Après un rapide coup d'œil dans le réfrigérateur, Thomas réalisa que sa compagne avait raison.

« Dans ce cas, debout. On va faire un tour. Ça te fera du bien de voir autre chose que ce carrelage. »

Il lui tendit sa main, qu'elle attrapa et s'y appuya pour s'aider à se relever. Elle avait les cheveux en bataille et la trace du sol incrustée sur une de ses joues.

« Je vais finir par croire que t'es jaloux.

– J'aurais des raisons de l'être ? demanda-t-il en levant un sourcil interrogatif et amusé.

– Peut-être bien. En été en tout cas. En hiver, c'est toi que je préfère.

– Me voilà rassuré, rit-il en déposant un baiser sur son nez quand elle se pencha vers lui. »

Elle fit l'effort incommensurable d'enfiler une robe légère, se passa un coup de peigne, se rendant compte que cela n'avait aucun effet, noua ses cheveux en une queue-de-cheval haute, et, main dans la main, ils s'aventurèrent sur l'avenue encore éclairée des ultimes rayons du soleil. Le bitume irradiait de chaleur sous leurs semelles. L'air sentait bon le sel et la friture, un mélange des différents fastfoods qui s'étendaient autour d'eux. Ils arrêtèrent finalement leur choix sur un restaurant japonais, où ils observèrent la carte sans parvenir à se décider.
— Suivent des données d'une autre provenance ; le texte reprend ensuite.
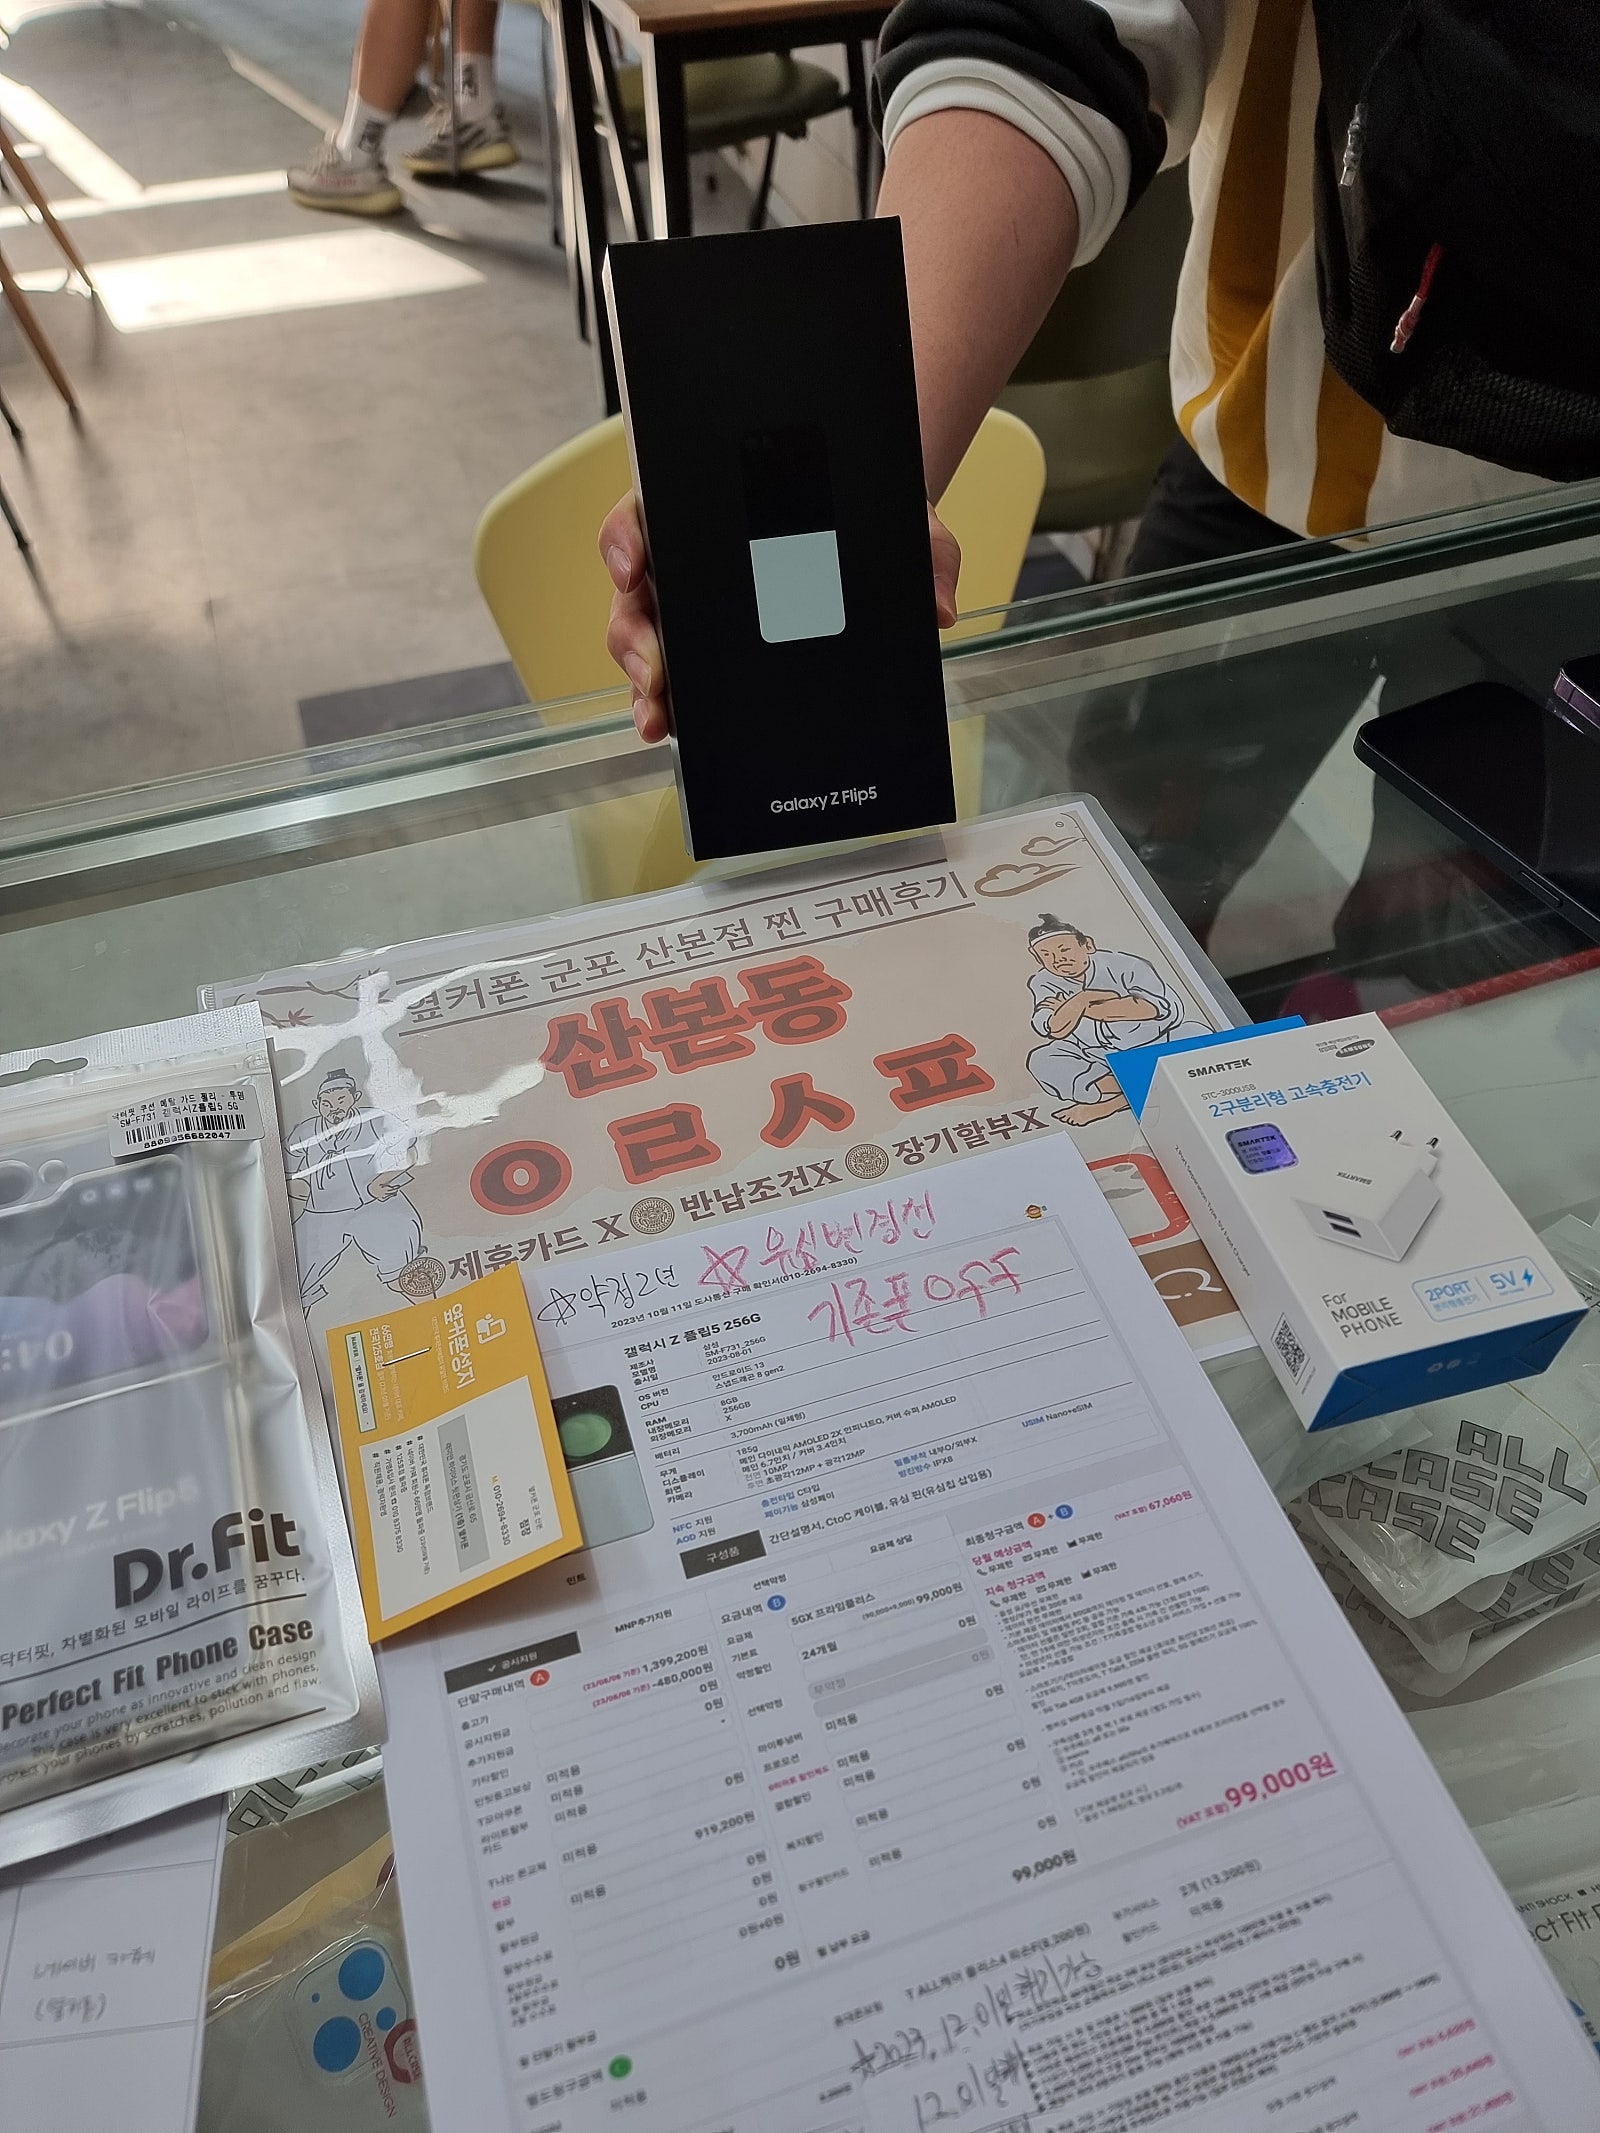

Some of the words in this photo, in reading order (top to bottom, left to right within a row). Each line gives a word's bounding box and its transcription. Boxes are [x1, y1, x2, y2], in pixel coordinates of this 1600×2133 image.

D'un commun accord, ils emportèrent un peu de chaque plat. Ils pouvaient déjà imaginer l'expression de Matthew quand il rentrerait – après qu'il les aurait vaguement grondé de ne pas l'avoir écouté et de l'avoir attendu.

Sur le chemin du retour, le Soleil avait laissé sa place à la Lune, même si le ciel restait presque aussi clair qu'en plein jour. Thomas tenait les sacs dans une main, celle d'Emma dans l'autre. La lumière lunaire s'écrasait sur leur visage, redessinant leurs traits et soulignant l'éclat dans leurs yeux.

Une fois rentrés, ils placèrent les assiettes dans le four et dans le micro-ondes, pour ne pas qu'ils refroidissent, et attendirent Matthew devant un film qu'ils ne regardaient que d'un œil, trop occupés à se serrer dans les bras maintenant que la fraîcheur de la soirée le leur permettait. La bouche de Thomas avait son goût habituel de menthe tandis que celle d'Emma était imprégnée du vin qu'elle avait bu pour patienter. Leurs doigts s'accrochaient à la peau comme des désespérés s'accrochant pour leur propre vie.

Il était vingt-deux heures trente quand Matthew passa enfin le seuil de la porte, les joues rougies et le souffle court, et découvrit ni plus ni moins qu'un festin sur la table du salon. Il ne songea pas même à les gronder. Il se contenta de leur tomber dans les bras, de les embrasser encore et encore et de s'installer dans le canapé, affamé comme il ne l'avait jamais été.

Même le chat eut droit à sa part, considérant qu'ils avaient des restes pour au moins une semaine.